Witchcraft & Wizardry – The Scripter’s Stone

Introduction

In this series I will be writing about front end development explicitly & how you can go from a zero to a hero with writing front end applications that include a lot of complex state. I thought that as I’ve recently been working on a very complex single page application, one of which includes an insane amount of state, I thought it’d be a good idea to share some of the ideas that I’ve thought of or some things that I’ve learned on my journey.

I plan to make this an 8 part series, much like how there are 8 Harry Potter movies. Ironically I’m not a hardcore Harry Potter fan, but I thought that it might be fun to go with a Harry Potter theme for naming the different volumes & I thought that it may help make things more interesting for the readers! 🙂

I would recommend this series of blog posts for some intermediate or more experienced developers, some of the subjects that are addressed aren’t really very beginner friendly. If you’re just starting out, I’d suggest that you start elsewhere.

Outline

So, to keep things simple, I’ve decided to talk about the following subject areas:

  1. The beginning.
    1. Some basic topics around cache
    2. Some simple examples around events & avoiding event conflicts
    3. Shortcuts, enabling power users to get their work done ASAP
    4. Notifications, keeping the user informed & up to date
  2. State machines
    1. Undo, redo & refresh state, enabling the user to correct their mistakes
    1. Immutable versions, avoid some nasty side effects
    2. Optimistic assumptions, don’t keep the user waiting
  3. Multi threading
    1. Freeing up resources, in turn speed up the rendering
    2. Complexity & managing computationally complex functions
    3. Request, running many and/or long running requests
    4. Large payloads & view models
  4. Modals, draws & more
    1. Are you sure? – Make no assumptions on behalf of the user
    2. Secondary components, do your users make use of this feature often?
    3. Ribbons, another place to hide complexity
    4. Responsive VS alternative, does a mobile device really need that functionality?
  5. Legacy support
    1. Application versioning, upgrading your tech stack, don’t leave your users in the dust
    2. Legacy web browser support, if it works in IE11+ you’re probably all good
    3. Evolutionary architecture, enabling the best of both reusability & brand new features
  6. Performance uplifts
    1. Small & simple, good things come in small packages
    2. KISS, let’s assume the user is looking at the web app on a toaster
    3. More caching, why load the same thing more than once?
    4. Fake it till you make it, more on optimistic assumptions & evolutionary architecture
  7. Styling & emersion
    1. Animations, animate your web application, give it some life
    2. Absolutely! – Positioning & transformers in disguise
    3. Theory, don’t over think it & keep it simple
  8. To infinity & beyond
    1. PWA, progressively wicked awesomely-amazing-applications
    2. Change logs, change requests, change!
    3. Architecture, let’s build it like a pro

Lesson 1 – The Beginning

I hate to be one of those guys, but like everything that turns out well, within the world of software development, some thought has gone into the design process. This doesn’t even have to strictly be a technical subject matter, this is in fact a domain level subject matter, so in theory, subject matter experts may be able to provide a lot of value here, even if they have a non technical background. Like traffic lights, you may not need to know how the electronics work, but you have a high level understanding of the different states that a set of traffic lights can reach. 🚦

Known States

With regards to your application state, this may include the likes of thinking about known states, these may be ‘stable’ states, where it’s some state that you have expected to reach, or it may be some unknown state, such as an unforeseen error has occurred within your application.

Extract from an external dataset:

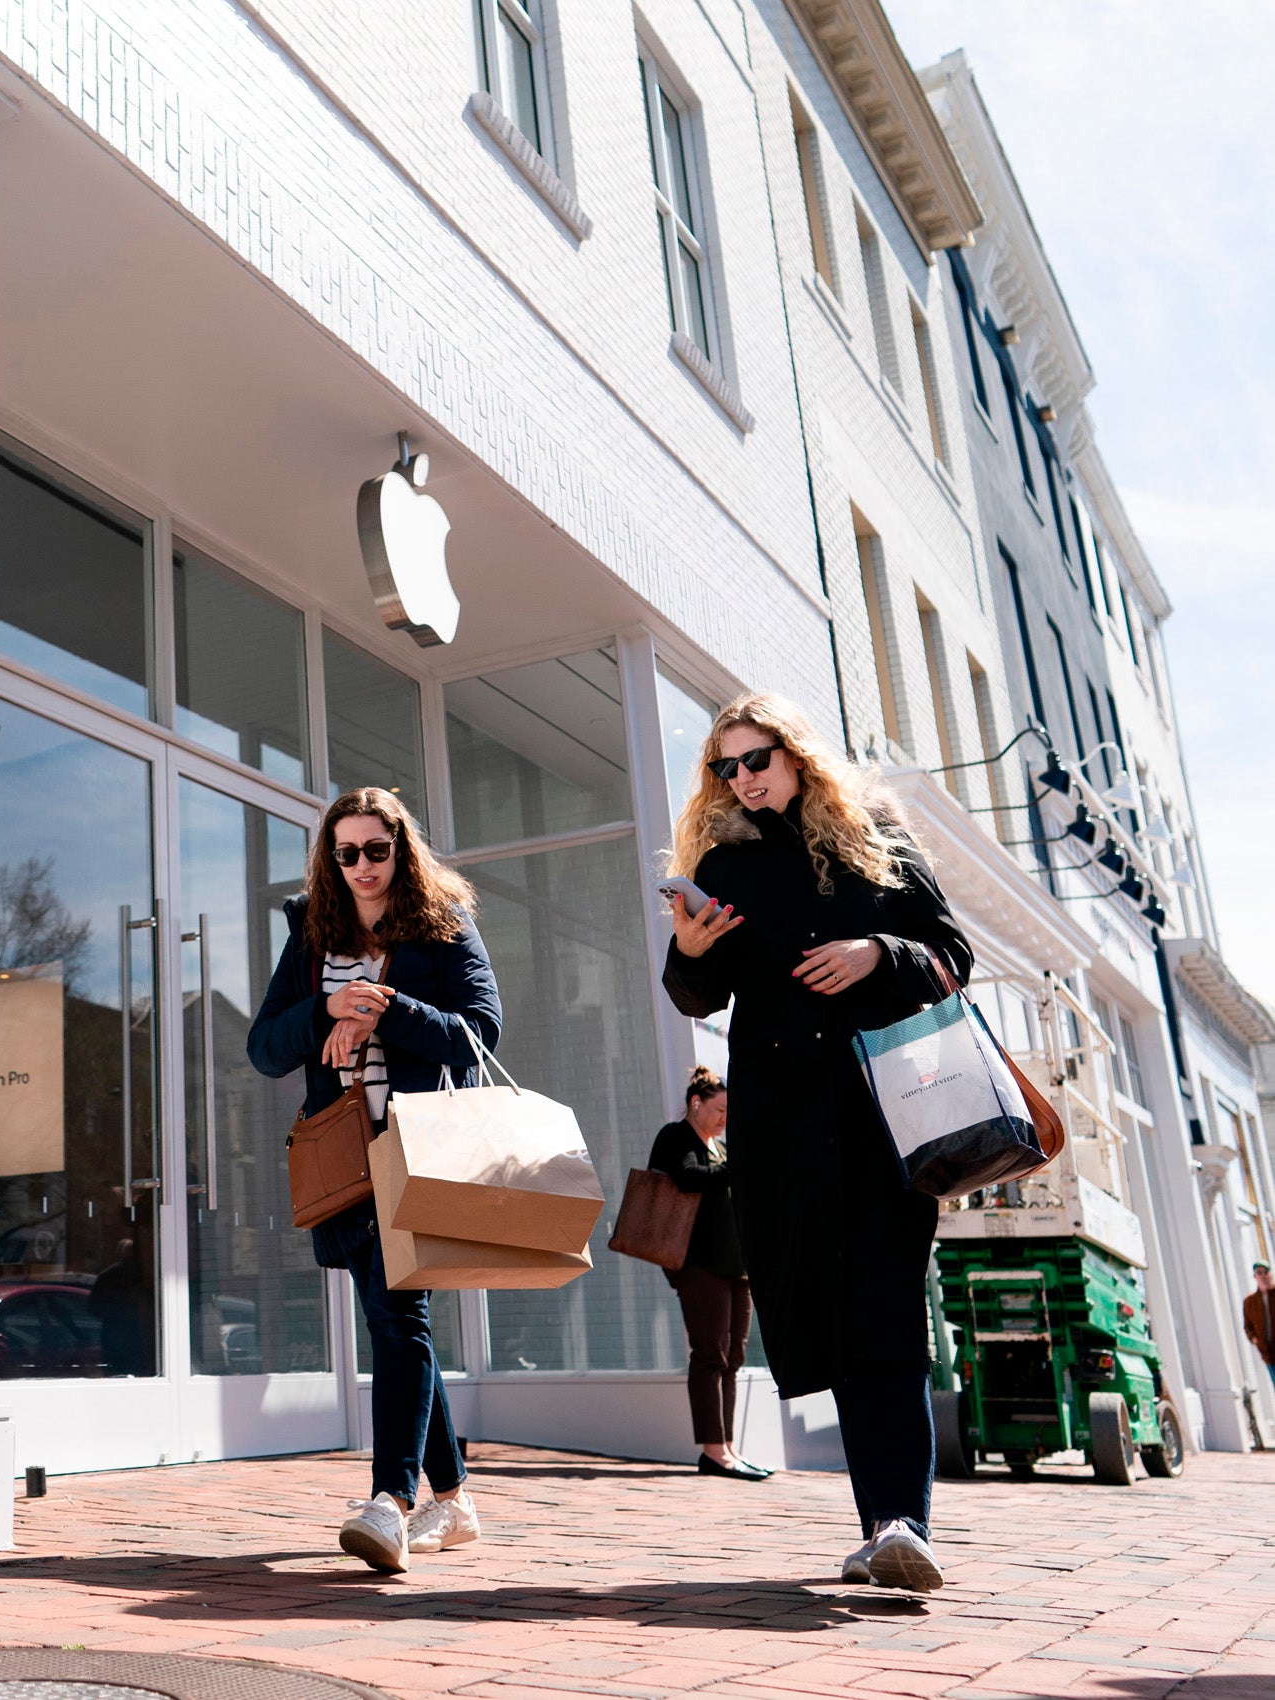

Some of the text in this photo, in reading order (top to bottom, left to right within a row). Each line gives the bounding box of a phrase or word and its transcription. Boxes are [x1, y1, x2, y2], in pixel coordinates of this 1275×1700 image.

Let me just dish you up a very small example, just to give you a taster of what I’m getting at here.

This is simple enough to follow, we have some states in which we expect our application to reach, maybe some of them are not good states, such as error or denied. But the point being that these are states that we’ve thought about beforehand. These are states that we know the application will reach for the right combination of input. We could add more forms of state to this again, e.g. rather than generalising error, you could include ‘user error’ as a known state, implying that some input is invalid. You could also include another error state called something like ‘server error’ which implies that the server responded with some 4xx or 5xx status code. The key is to really think about the potential forms of state & how one state may impact an action.

Required Actions

Given the application that you’re working on it might not hurt to think about developing reusable components like a generic modal component that you can reuse for confirming the likes of deleting something within the application. I find that it never hurts to make sure that the user is certain that they want to delete something. While you should allow a user to recover from deleting something, at least that’s my philosophy, you should also double check that the user is certain that they’re aware of the consequences to their actions.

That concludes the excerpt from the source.